If this is what I testify about myself, that is a personal matter, and you do not know me and have no right to say that I am not telling the truth.
So in that respect, if in your view the fact that a person lacks the strength to fulfill all the sections of Jewish law in all their details makes him Reform, I do not see that you are any less Reform than I am.
.
As for Aristotle: the first four chapters of Laws of the Foundations of the Torah are copied almost word for word from Aristotle or Avicenna. That includes the opening laws where he writes, “The foundation of foundations and pillar of wisdoms is to know that there is a First Being,” etc.; that is copied from Avicenna almost word for word. So Aristotle is a foundation of Torah according to Maimonides, and Maimonides wrote this explicitly in Guide for the Perplexed II at the end of chapter 11, where he wrote that the fact that this seems foreign to some people is because we have lost our wisdom and attached ourselves to the opinions and practices of the wicked among the ignorant nations. And Maimonides wrote in Guide for the Perplexed and also in his commentary on the Mishnah in Chagigah that Ma’aseh Bereishit is Aristotle’s Physics, and Ma’aseh Merkavah is Aristotle’s Metaphysics. There were indeed those who disagreed with Maimonides, but if I follow Maimonides, does that make me Reform? According to your method it comes out that Maimonides himself was Reform.
Your claims are so unfounded that I cannot believe they arise from intellectual, learned, deep, and sincere reflection on this matter. But I will not speculate about what they do arise from. Look at that yourself.
After the fact that in Jewish law there are cases where one should confess one’s sins publicly because of repentance and so on, and I did this despite how difficult it is — to overcome the shame, to be exposed and vulnerable — for you to come attack and humiliate me because you do not reveal your own sins and outwardly appear more observant of Jewish law than I am, that is really inappropriate.

Yoav (2022-10-31)

First of all, I did not attack you for studying Aristotle. Greater and wiser people than I have studied him. Rather, the point is that you make him the essence of Judaism and neglect the practical part of the commandments. Almost everyone would agree (and Rabbi Michi has written this several times too) that Judaism is Jewish law. How a person interprets things is his own matter and everyone follows his own reasoning.
I also did not write anywhere that Maimonides was Reform. Some would say his views were radical, certainly for his time, but Maimonides observed practical commandments. How he interpreted them and their reasons is not relevant here.
In my opinion Aristotle is less relevant for our times, though there is no objection to studying him, and there is no doubt that the Greek philosophers laid the intellectual foundations in all areas of today’s science and philosophy. I too, and others I’ve heard, have thoughts and conceptions that people would call Platonic, but no matter how you turn it, that is at most a side outlook and certainly not halakhic Orthodox Judaism, much as I dislike the term.
Judaism is first and foremost Jewish law. One who observes Jewish law remains inside; one who does not remains outside.
If Spinoza had observed commandments, his doctrine would have been integrated into Judaism. In my view as well there is no objection to studying him either, even if a person observes commandments.
But a person who comes and says that the commandments do not obligate him, or that they are allegorical, or who brings philosophical proofs from Aristotle, Plato, Spinoza, Kant, or from Gnostic or Pythagorean or Orphic or Buddhist positions — he is outside.
You can discuss whether these things are true or not, but what does that have to do with keeping commandments?
From the side of Judaism, one must keep commandments, and there is no source in the Sages, medieval authorities, or later authorities that permits not keeping anything at all.

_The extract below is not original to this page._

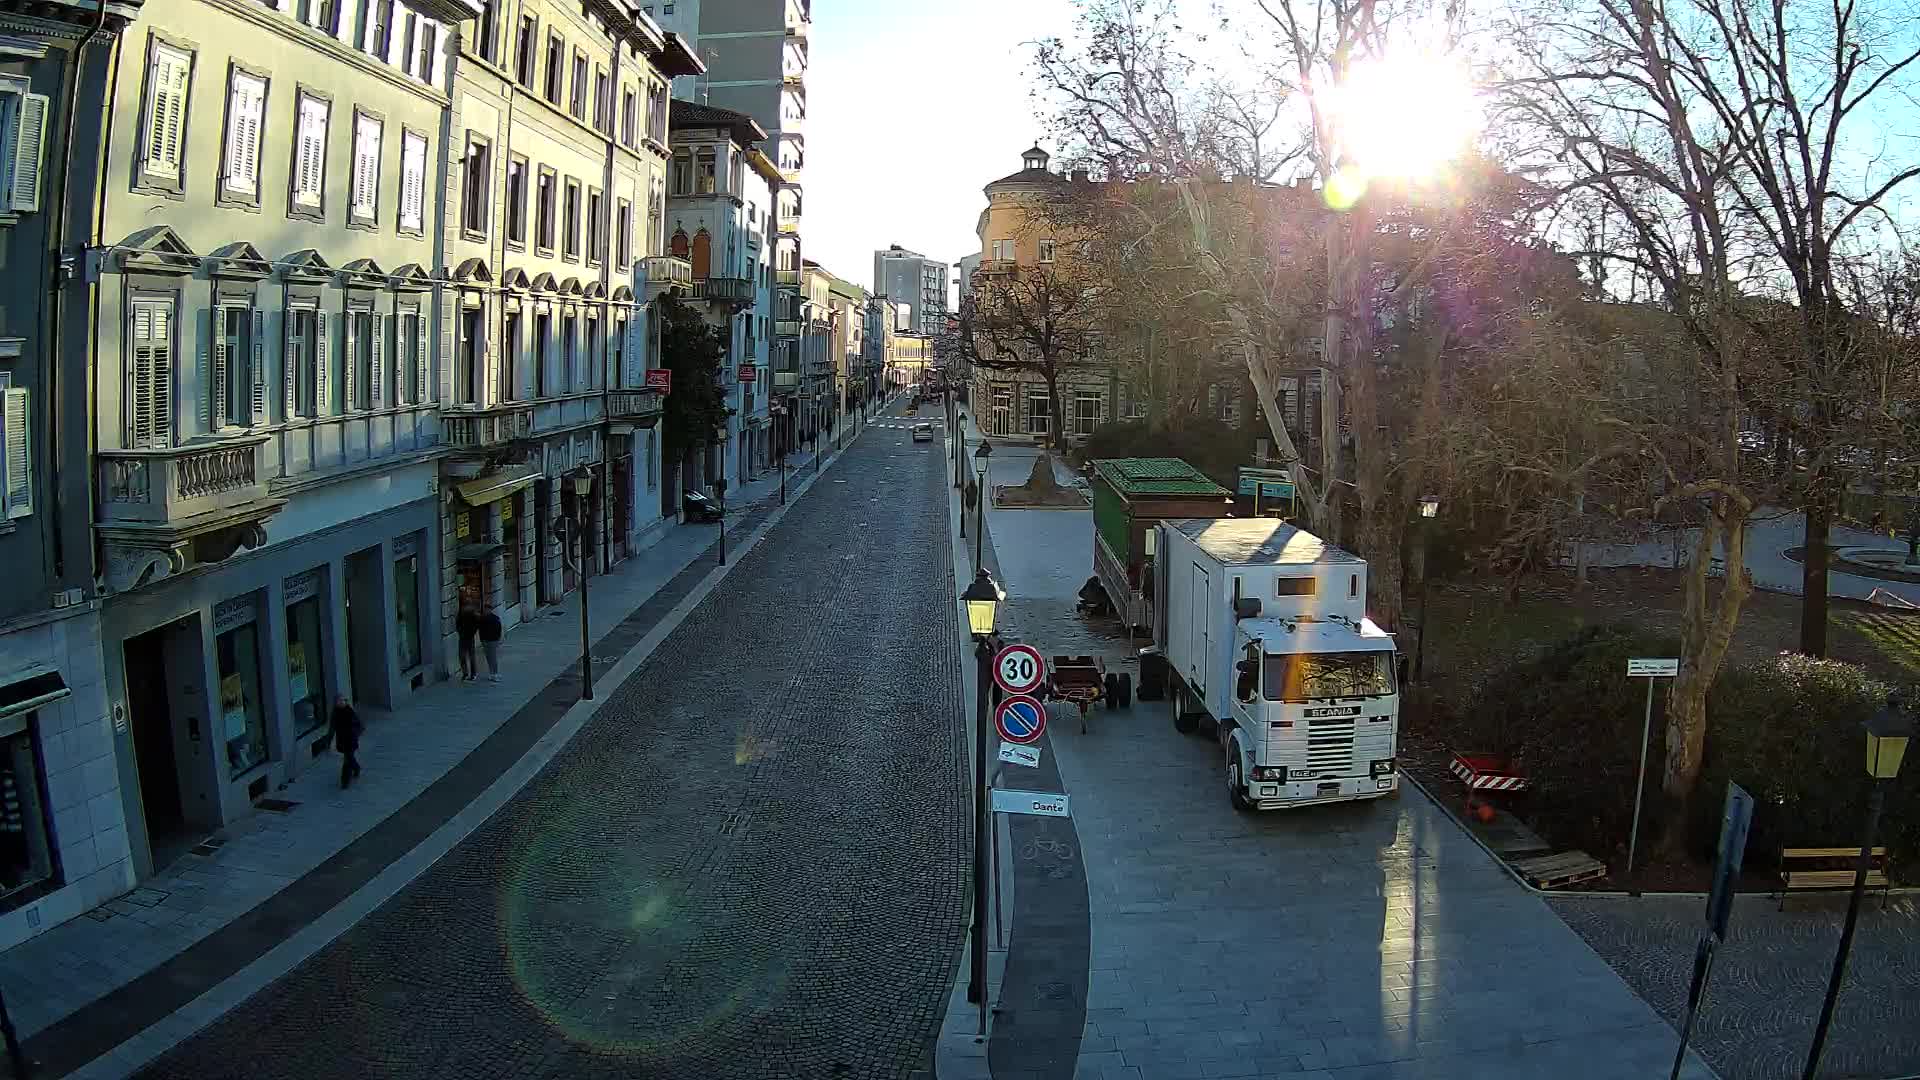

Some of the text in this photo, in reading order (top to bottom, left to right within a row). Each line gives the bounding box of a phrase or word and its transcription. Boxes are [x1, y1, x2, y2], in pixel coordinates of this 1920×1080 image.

A person can be under compulsion in certain matters, but to throw everything away and keep nothing at all? Is there not a single commandment you can keep that would not damage your health?
There are things from which one who is ill but not in mortal danger is exempt, there are things set aside in the face of saving a life, there are things from which a person in certain situations is exempt, and Jewish law is full of such cases. But I have never heard of a person exempt from everything. The closest is Rabbi Michi, who argued that for an atheist, his commandments and transgressions are not commandments and transgressions, and even if he wanted to he could not fulfill them, but that is not the situation here.
Also, a person who is exempt because of psychological or medical problems from certain commandments still needs to keep what he can, and on occasions when he feels better perhaps to keep what he is exempt from on days when his condition does not allow him to keep them.
But to throw away all the commandments like that? You wrote on your website that keeping the commandments distances you from yourself. What about “nullify your will before His will”?
And in general, if everyone says he does not connect to the commandments, or that they prevent him from being himself, there will be no Judaism. Everyone will say that this or that prohibition distances him from himself and from his inner self.
And that, in my opinion, is a person’s work.

There is no doubt that no one is perfect and everyone has what to fix and strengthen, but there is a difference between stumbling or failing in certain things and throwing everything away and saying it does not apply to you.
It is not that you stumble here and there; from the outset you give up on everything and do not even try.
How is this different from a traditional Jew who believes but drives on the Sabbath? Would you also call him observant?
Rabbi Michi wrote in several places that his condition is worse than that of an atheist.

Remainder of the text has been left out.